• [Assigned task]
Task for the listing below: copy it out in full, exactly.

• [Available records]
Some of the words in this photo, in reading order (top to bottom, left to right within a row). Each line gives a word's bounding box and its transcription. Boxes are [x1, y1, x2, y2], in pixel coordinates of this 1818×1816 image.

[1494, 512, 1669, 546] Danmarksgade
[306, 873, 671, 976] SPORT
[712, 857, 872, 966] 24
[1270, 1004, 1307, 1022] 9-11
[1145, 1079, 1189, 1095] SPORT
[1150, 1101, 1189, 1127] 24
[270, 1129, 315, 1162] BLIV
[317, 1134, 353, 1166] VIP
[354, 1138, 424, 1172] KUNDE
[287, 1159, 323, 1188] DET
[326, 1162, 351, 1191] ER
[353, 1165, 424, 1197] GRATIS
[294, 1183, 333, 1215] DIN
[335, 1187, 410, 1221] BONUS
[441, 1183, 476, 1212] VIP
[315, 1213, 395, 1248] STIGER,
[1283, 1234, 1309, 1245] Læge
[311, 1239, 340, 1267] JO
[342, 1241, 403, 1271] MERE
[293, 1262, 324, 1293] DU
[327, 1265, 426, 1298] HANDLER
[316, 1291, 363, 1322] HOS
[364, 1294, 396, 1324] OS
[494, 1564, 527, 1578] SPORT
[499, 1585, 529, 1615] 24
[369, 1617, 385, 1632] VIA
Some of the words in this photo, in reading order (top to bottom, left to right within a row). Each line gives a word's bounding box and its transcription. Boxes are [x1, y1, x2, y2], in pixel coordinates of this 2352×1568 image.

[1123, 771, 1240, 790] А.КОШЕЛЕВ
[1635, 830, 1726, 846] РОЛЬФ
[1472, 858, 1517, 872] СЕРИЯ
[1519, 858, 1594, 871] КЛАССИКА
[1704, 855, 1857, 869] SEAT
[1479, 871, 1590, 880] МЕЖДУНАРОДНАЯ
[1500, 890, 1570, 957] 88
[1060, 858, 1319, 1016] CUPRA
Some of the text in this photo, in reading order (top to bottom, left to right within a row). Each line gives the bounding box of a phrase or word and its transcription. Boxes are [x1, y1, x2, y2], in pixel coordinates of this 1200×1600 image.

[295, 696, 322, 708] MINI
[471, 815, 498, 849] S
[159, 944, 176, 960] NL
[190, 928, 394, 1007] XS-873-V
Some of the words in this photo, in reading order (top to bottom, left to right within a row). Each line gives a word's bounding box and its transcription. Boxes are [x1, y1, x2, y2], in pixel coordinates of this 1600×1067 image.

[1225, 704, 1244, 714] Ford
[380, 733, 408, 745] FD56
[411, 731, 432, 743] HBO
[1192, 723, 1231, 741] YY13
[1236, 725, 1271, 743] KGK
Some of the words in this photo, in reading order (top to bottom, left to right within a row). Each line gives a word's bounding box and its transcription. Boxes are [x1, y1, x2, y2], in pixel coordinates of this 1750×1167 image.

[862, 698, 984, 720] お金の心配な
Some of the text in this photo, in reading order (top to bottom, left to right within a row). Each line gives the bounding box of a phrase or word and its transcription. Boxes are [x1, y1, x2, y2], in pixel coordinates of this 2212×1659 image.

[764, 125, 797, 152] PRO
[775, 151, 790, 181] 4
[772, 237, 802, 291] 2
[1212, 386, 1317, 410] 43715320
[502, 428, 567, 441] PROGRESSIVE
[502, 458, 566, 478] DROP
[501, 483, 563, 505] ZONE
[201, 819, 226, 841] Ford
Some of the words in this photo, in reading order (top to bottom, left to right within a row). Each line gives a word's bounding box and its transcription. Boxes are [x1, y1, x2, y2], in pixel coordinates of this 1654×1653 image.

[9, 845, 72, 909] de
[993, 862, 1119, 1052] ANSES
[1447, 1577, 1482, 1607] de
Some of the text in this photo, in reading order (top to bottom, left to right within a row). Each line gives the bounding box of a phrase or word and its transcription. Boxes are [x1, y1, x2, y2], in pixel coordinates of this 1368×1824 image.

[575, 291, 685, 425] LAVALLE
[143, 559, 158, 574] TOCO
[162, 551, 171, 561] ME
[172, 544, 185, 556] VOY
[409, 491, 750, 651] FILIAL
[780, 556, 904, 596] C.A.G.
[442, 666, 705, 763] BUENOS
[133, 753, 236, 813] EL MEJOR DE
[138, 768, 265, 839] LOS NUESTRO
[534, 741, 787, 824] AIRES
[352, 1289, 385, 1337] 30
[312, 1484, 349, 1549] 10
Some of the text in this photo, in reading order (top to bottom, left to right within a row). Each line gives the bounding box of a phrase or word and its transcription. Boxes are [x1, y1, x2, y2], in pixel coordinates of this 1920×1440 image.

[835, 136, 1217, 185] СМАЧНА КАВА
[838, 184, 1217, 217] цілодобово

• [Result of this task]
Some of the words in this photo, in reading order (top to bottom, left to right within a row). Each line gives a word's bounding box and its transcription. Boxes are [x1, y1, x2, y2], in pixel coordinates of this 1818×1816 image.

[1494, 512, 1669, 546] Danmarksgade
[306, 873, 671, 976] SPORT
[712, 857, 872, 966] 24
[1270, 1004, 1307, 1022] 9-11
[1145, 1079, 1189, 1095] SPORT
[1150, 1101, 1189, 1127] 24
[270, 1129, 315, 1162] BLIV
[317, 1134, 353, 1166] VIP
[354, 1138, 424, 1172] KUNDE
[287, 1159, 323, 1188] DET
[326, 1162, 351, 1191] ER
[353, 1165, 424, 1197] GRATIS
[294, 1183, 333, 1215] DIN
[335, 1187, 410, 1221] BONUS
[441, 1183, 476, 1212] VIP
[315, 1213, 395, 1248] STIGER,
[1283, 1234, 1309, 1245] Læge
[311, 1239, 340, 1267] JO
[342, 1241, 403, 1271] MERE
[293, 1262, 324, 1293] DU
[327, 1265, 426, 1298] HANDLER
[316, 1291, 363, 1322] HOS
[364, 1294, 396, 1324] OS
[494, 1564, 527, 1578] SPORT
[499, 1585, 529, 1615] 24
[369, 1617, 385, 1632] VIA
Some of the words in this photo, in reading order (top to bottom, left to right within a row). Each line gives a word's bounding box and its transcription. Boxes are [x1, y1, x2, y2], in pixel coordinates of this 2352×1568 image.

[1123, 771, 1240, 790] А.КОШЕЛЕВ
[1635, 830, 1726, 846] РОЛЬФ
[1472, 858, 1517, 872] СЕРИЯ
[1519, 858, 1594, 871] КЛАССИКА
[1704, 855, 1857, 869] SEAT
[1479, 871, 1590, 880] МЕЖДУНАРОДНАЯ
[1500, 890, 1570, 957] 88
[1060, 858, 1319, 1016] CUPRA
Some of the text in this photo, in reading order (top to bottom, left to right within a row). Each line gives the bounding box of a phrase or word and its transcription. Boxes are [x1, y1, x2, y2], in pixel coordinates of this 1200×1600 image.

[295, 696, 322, 708] MINI
[471, 815, 498, 849] S
[159, 944, 176, 960] NL
[190, 928, 394, 1007] XS-873-V
Some of the words in this photo, in reading order (top to bottom, left to right within a row). Each line gives a word's bounding box and its transcription. Boxes are [x1, y1, x2, y2], in pixel coordinates of this 1600×1067 image.

[1225, 704, 1244, 714] Ford
[380, 733, 408, 745] FD56
[411, 731, 432, 743] HBO
[1192, 723, 1231, 741] YY13
[1236, 725, 1271, 743] KGK
Some of the words in this photo, in reading order (top to bottom, left to right within a row). Each line gives a word's bounding box and its transcription. Boxes are [x1, y1, x2, y2], in pixel coordinates of this 1750×1167 image.

[862, 698, 984, 720] お金の心配な
Some of the text in this photo, in reading order (top to bottom, left to right within a row). Each line gives the bounding box of a phrase or word and its transcription. Boxes are [x1, y1, x2, y2], in pixel coordinates of this 2212×1659 image.

[764, 125, 797, 152] PRO
[775, 151, 790, 181] 4
[772, 237, 802, 291] 2
[1212, 386, 1317, 410] 43715320
[502, 428, 567, 441] PROGRESSIVE
[502, 458, 566, 478] DROP
[501, 483, 563, 505] ZONE
[201, 819, 226, 841] Ford
Some of the words in this photo, in reading order (top to bottom, left to right within a row). Each line gives a word's bounding box and its transcription. Boxes are [x1, y1, x2, y2], in pixel coordinates of this 1654×1653 image.

[9, 845, 72, 909] de
[993, 862, 1119, 1052] ANSES
[1447, 1577, 1482, 1607] de
Some of the text in this photo, in reading order (top to bottom, left to right within a row). Each line gives the bounding box of a phrase or word and its transcription. Boxes are [x1, y1, x2, y2], in pixel coordinates of this 1368×1824 image.

[575, 291, 685, 425] LAVALLE
[143, 559, 158, 574] TOCO
[162, 551, 171, 561] ME
[172, 544, 185, 556] VOY
[409, 491, 750, 651] FILIAL
[780, 556, 904, 596] C.A.G.
[442, 666, 705, 763] BUENOS
[133, 753, 236, 813] EL MEJOR DE
[138, 768, 265, 839] LOS NUESTRO
[534, 741, 787, 824] AIRES
[352, 1289, 385, 1337] 30
[312, 1484, 349, 1549] 10
Some of the text in this photo, in reading order (top to bottom, left to right within a row). Each line gives the bounding box of a phrase or word and its transcription. Boxes are [x1, y1, x2, y2], in pixel coordinates of this 1920×1440 image.

[835, 136, 1217, 185] СМАЧНА КАВА
[838, 184, 1217, 217] цілодобово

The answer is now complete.